How to complete this task:
The records below are to be restated word for word, with every picture left out.

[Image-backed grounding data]

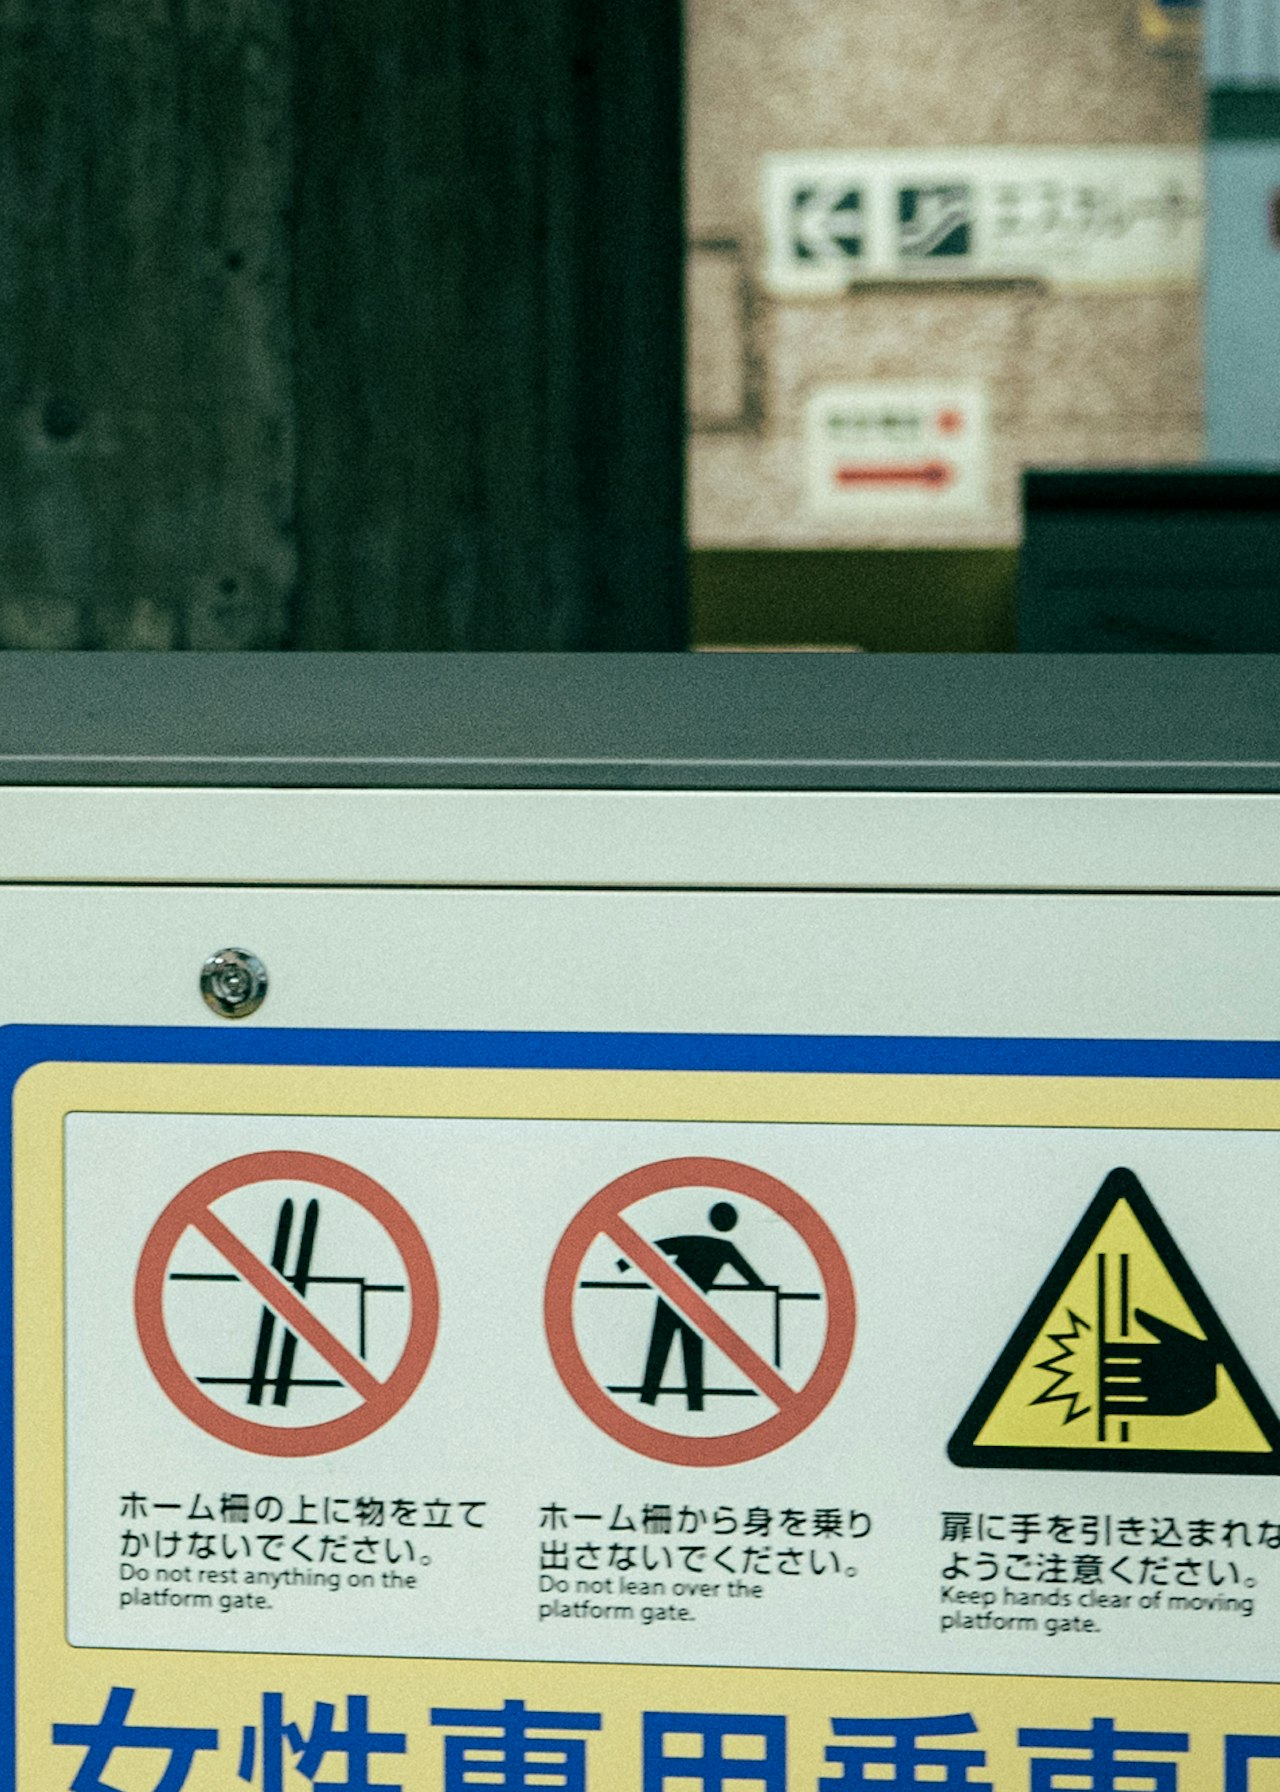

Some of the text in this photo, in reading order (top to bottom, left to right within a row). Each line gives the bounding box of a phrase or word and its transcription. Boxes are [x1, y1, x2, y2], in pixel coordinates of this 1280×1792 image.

[120, 1491, 488, 1529] ホーム柵の上に物を立て
[539, 1501, 873, 1539] ホーム柵から身を乗り
[120, 1529, 432, 1567] かけないでください。
[539, 1539, 858, 1579] 出さないでください。
[119, 1562, 418, 1592] Do not rest anything on the
[538, 1574, 764, 1599] Do not lean over the
[941, 1551, 1258, 1589] ようご注意ください。
[119, 1587, 273, 1614] platform gate.
[538, 1599, 695, 1626] platform gate.
[940, 1585, 1255, 1618] Keep hands clear of moving
[940, 1610, 1101, 1637] platform gate.

Output for this task:
Some of the text in this photo, in reading order (top to bottom, left to right within a row). Each line gives the bounding box of a phrase or word and its transcription. Boxes are [x1, y1, x2, y2], in pixel coordinates of this 1280×1792 image.

[120, 1491, 488, 1529] ホーム柵の上に物を立て
[539, 1501, 873, 1539] ホーム柵から身を乗り
[120, 1529, 432, 1567] かけないでください。
[539, 1539, 858, 1579] 出さないでください。
[119, 1562, 418, 1592] Do not rest anything on the
[538, 1574, 764, 1599] Do not lean over the
[941, 1551, 1258, 1589] ようご注意ください。
[119, 1587, 273, 1614] platform gate.
[538, 1599, 695, 1626] platform gate.
[940, 1585, 1255, 1618] Keep hands clear of moving
[940, 1610, 1101, 1637] platform gate.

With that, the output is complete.